Fundamental Questions

Two fundamental questions need to be addressed in medical practice: First, what is the purpose of medicine? Second, how do I decide what to do? Just as a person planning a cross-country trip maps out the journey based on decisions about the most desirable destination and the most desirable routing, so in medicine physicians must work with patients to decide on both overarching goals, and on the best way to reach those goals. In both travel and medicine, you have to know where you’re going before deciding how to get there.

While medicine has many facets, including direct patient care, public health, and research endeavors, the common goal of all medical ventures is improving the quality of patients’ lives. This common underlying goal can serve as the “destination” to guide all medical journeys and endeavors, regardless of which facet or field of medicine is the stage for the patient’s medical journey.

In a much-quoted 1996 editorial, David Sackett, an early and prolific author on evidence-based medicine, defined evidence-based medicine (EBM) as the “conscientious, explicit, and judicious use of current best evidence in making decisions about the care of individual patients.” (1) (italics added) This characterization highlights the three important parts of evidence-based medical practice: the patient, the evidence, and careful application of generalized evidence to the individual patient.

Sackett goes on to argue that EBM is not old hat or just the same old medical practice, as evidenced by the wide variation that often occurs in clinical practice patterns.

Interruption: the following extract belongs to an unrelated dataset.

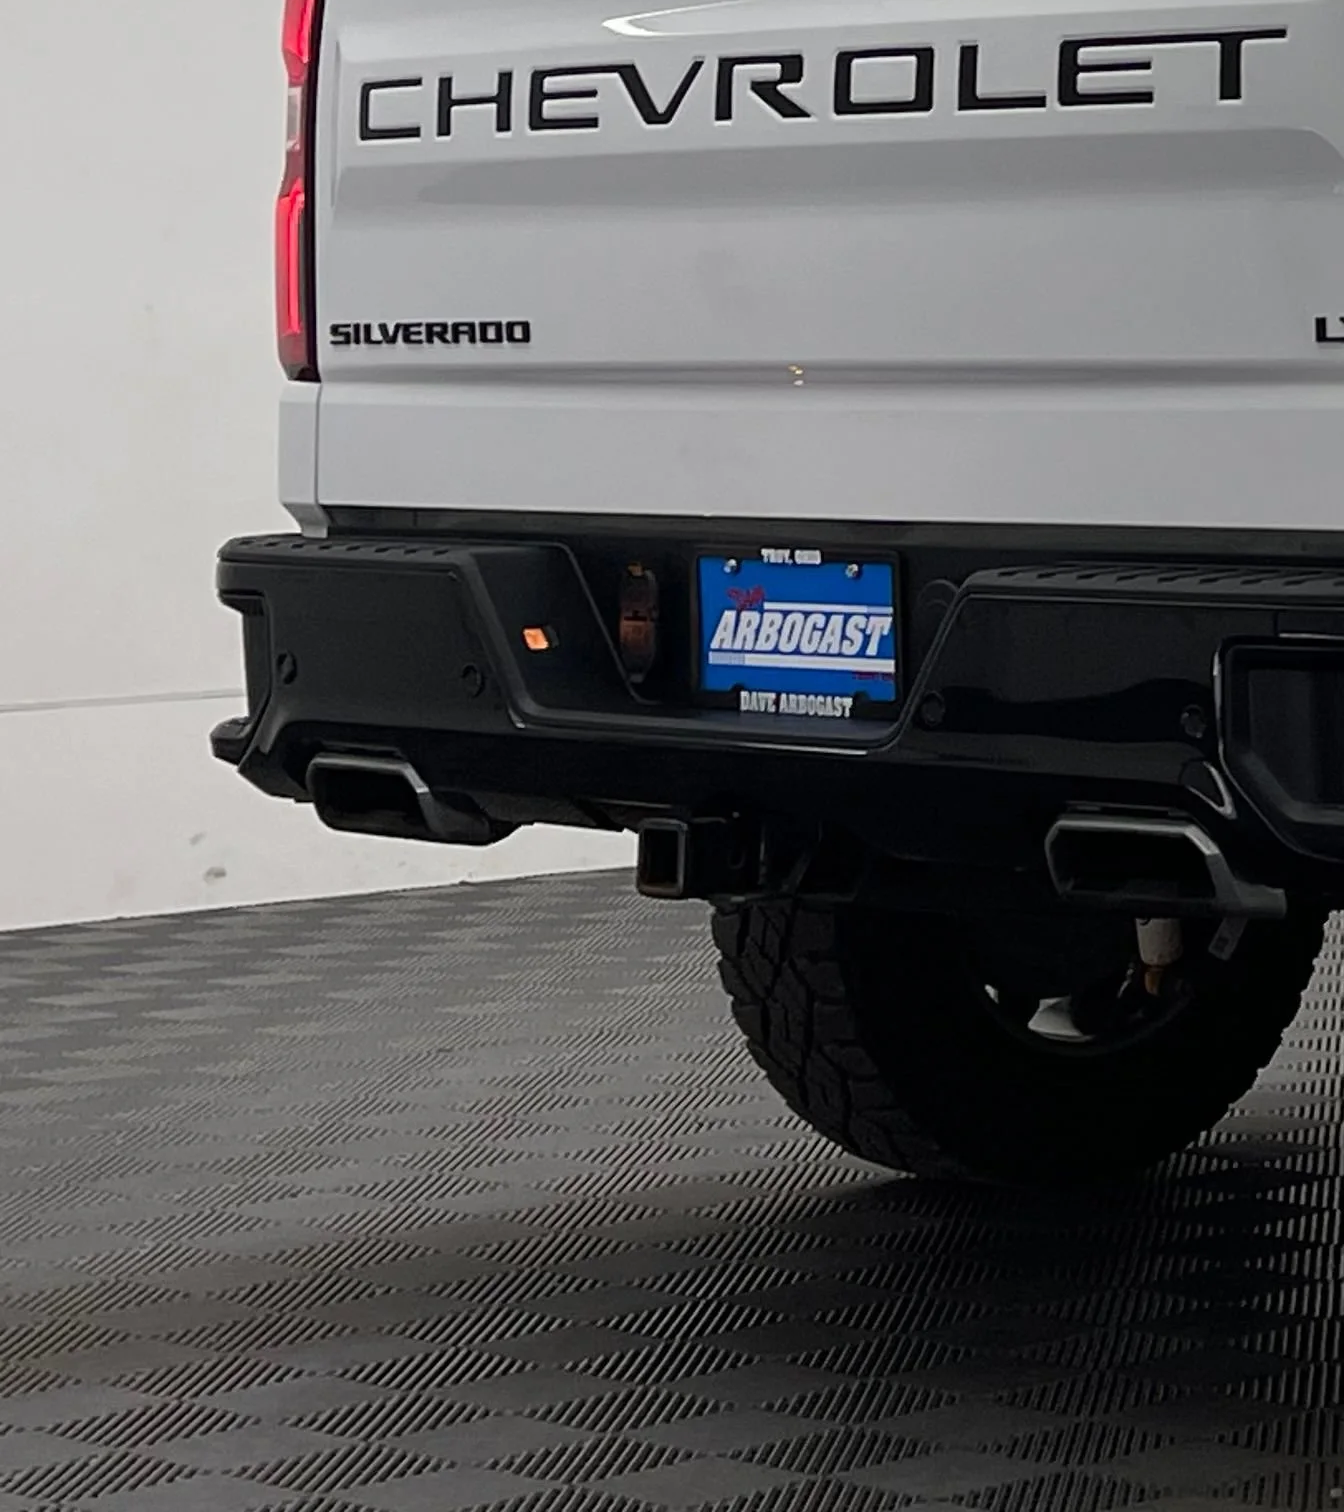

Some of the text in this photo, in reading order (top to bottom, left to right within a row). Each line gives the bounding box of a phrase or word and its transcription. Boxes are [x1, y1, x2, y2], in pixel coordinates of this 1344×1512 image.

Neither is it intended to be “cookbook medicine” as EBM specifically advocates for individualized application of evidence to patient care, not forcing patient care to conform to generalized evidence. Further, EBM is not intended primarily as a savings tool – it is intended to guide practitioners to provide the best, not necessarily the cheapest, care. Lastly, EBM is not intended to be only concerned with randomized controlled trials, but with the best relevant evidence applicable to the situation in question.

“Evidence-based medicine” was first introduced in the mainstream medical literature in a 1992 article, “Evidence-based medicine: A new approach to teaching the practice of medicine,” which presented EBM as “a fundamentally new approach” emphasizing “question formulation, search and retrieval of the best available evidence, and critical appraisal of the study methods to ascertain the validity of results”. (2) A subsequent series of “Users' Guides to the Medical Literature” presented skills for searching for, appraising, and applying various types of published evidence to medical practice. As EBM gained prominence in the late 1990s and beyond, three streams of evidence dissemination developed: 1) systematic reviews gained increasing prominence in the medical literature, 2) knowledge search engines (including internet engines such as Google, and medline interfaces such as Ovid) became standard tools for medical literature searching, and 3) knowledge distillation and “push” services developed as a way to compile and disseminate concise reviews of evidence on specific topics or questions (eg, ACP Journal Club, InfoPoems, etc). (3)

Making Decisions

Heuristics are informal and often subconscious methods we use to arrive at decisions. While we may use many different heuristics depending on the clinical situation, awareness of the types of decision processes we are using, as well as their strengths and limitations, may help us to think more critically about the strengths and weaknesses of our diagnostic reasoning. Pattern recognition can allow rapid diagnosis for familiar conditions, but may lead us to miss an unexpected diagnosis in a seemingly familiar situation. Use of the scientific method involves hypothesis testing through the collection and analysis of data, such as when using a rapid influenza test to help determine the cause of an acute respiratory illness. Probabilities involve assessment of the likelihood of a condition, and assessing whether abnormal results on a test are likely true or false positives. Differential diagnosis overlaps with elements of pattern recognition and hypothesis testing, whereby we evaluate the range of possible causes for a condition, then use clinical data, labs or imaging to narrow the range of diagnostic possibilities. Tests allow us to measure or image things we cannot directly observe, but pitfalls of over-reliance on testing include overestimating the importance of unexpectedly abnormal results and emphasis on isolated test results rather than the whole clinical picture. Assessment of a “treatment threshold” includes both a decision as to whether a condition is serious enough to warrant treatment, and an assessment as to whether a potential condition would be serious enough to warrant further testing in the first place. (4)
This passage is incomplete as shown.